Was dann folgte, ist allerdings ein Musterbeispiel dafür, wie man eine solche Debatte gerade nicht führen sollte. Denn umgehend wurde entweder ein quasi bevorstehender Abmarsch von Bundeswehrsoldaten Richtung Ukraine beschrieben oder kategorisch eine wie auch immer geartete deutsche Beteiligung an egal was ausgeschlossen. Womit insgesamt zweierlei erreicht wurde: maximale Beunruhigung der Bevölkerung und höchste Verständnislosigkeit der Verbündeten.Wichtig ist, „Sicherheit“ nicht sofort und einzig mit Bodentruppen gleichzusetzen. Richtig ist zwar, dass es vermutlich irgendwann auch militärische Kräfte wird geben müssen, die einen robusten Puffer zwischen russischen und ukrainischen Gebieten bilden – und die so Gewalt hoffentlich verhindern. Dass Russland dabei keine westlichen und erst recht keine Nato-Soldaten akzeptieren will, ist bekannt. Aber sich die russische Position von vorn­herein zu eigen zu machen verbietet sich in diesem genauso wie in allen anderen Fällen.

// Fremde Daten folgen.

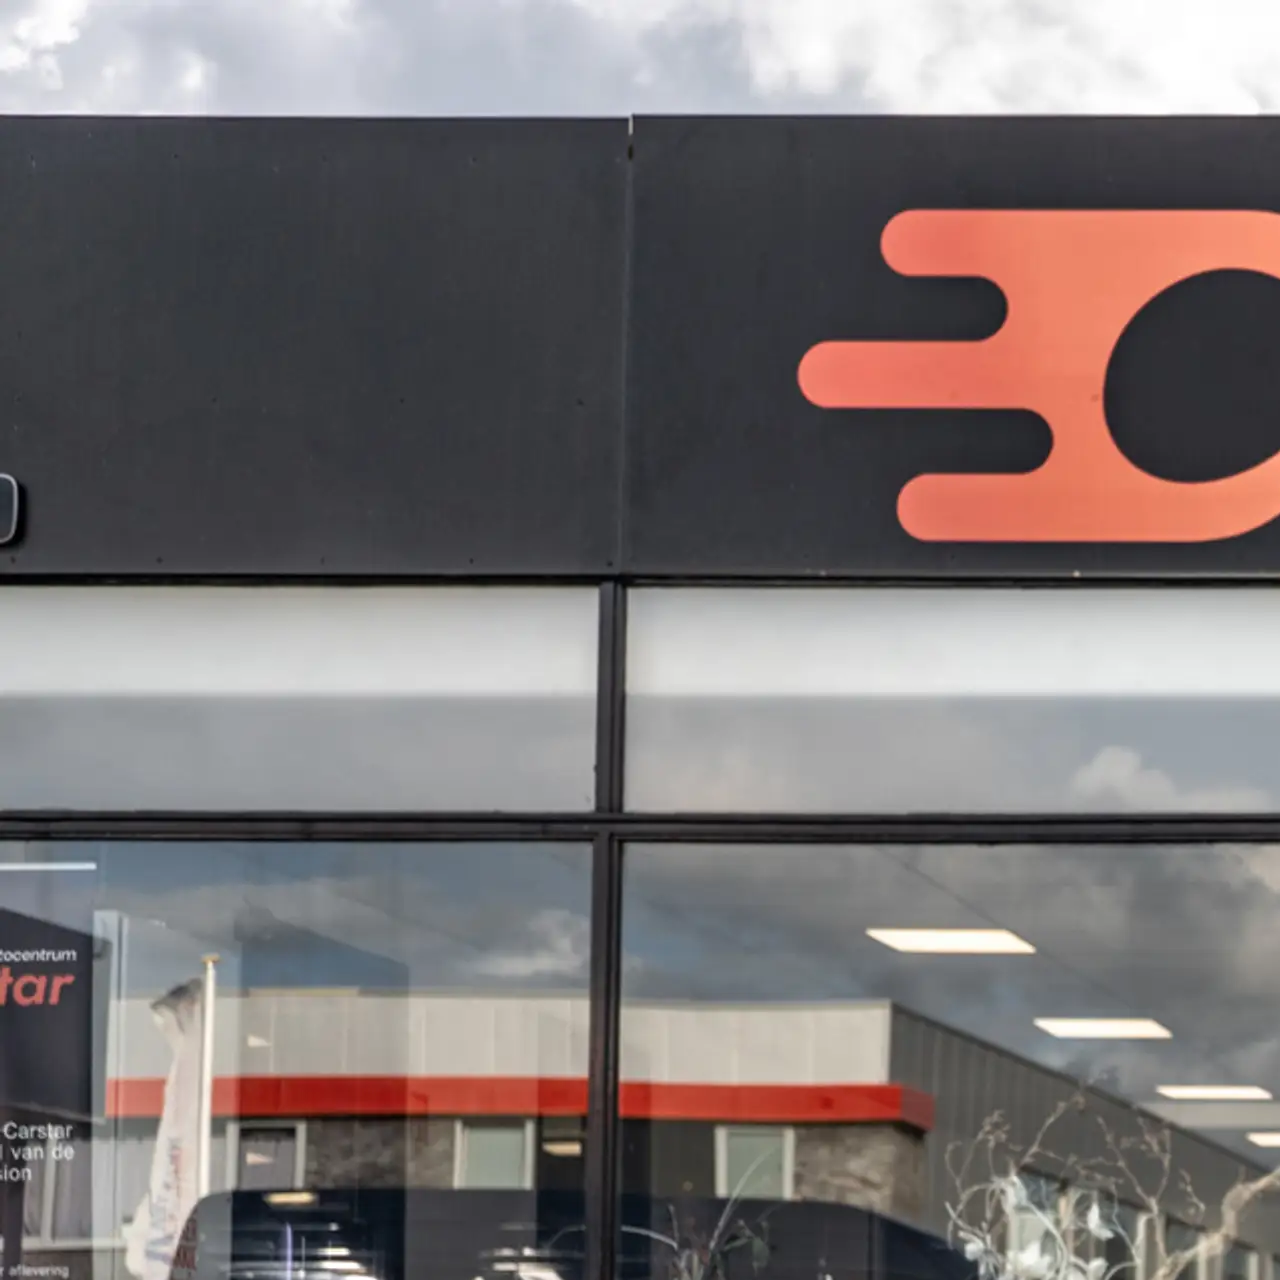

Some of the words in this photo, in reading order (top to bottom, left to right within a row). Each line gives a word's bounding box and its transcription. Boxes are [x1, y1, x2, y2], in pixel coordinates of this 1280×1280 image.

[3, 1121, 73, 1140] Carstar
[10, 1145, 45, 1161] van
[51, 1142, 75, 1161] de

Was sich für ein Land, das wiederholt seinen europäischen Führungsanspruch deklariert hat, erst recht verbietet, ist allerdings, sich von vornherein aus dem Auftrag abzumelden. Geradezu peinlich ist die Begründung, die Bundeswehr habe dafür nicht die Kapazitäten. Wer einerseits tönt, ein aggressives Russland mithilfe diverser Sondervermögen und jeder Menge Entschlossenheit abschrecken zu wollen, kann nicht gleich bei der ersten Anfrage abwinken: Sorry, leider grad nicht drin.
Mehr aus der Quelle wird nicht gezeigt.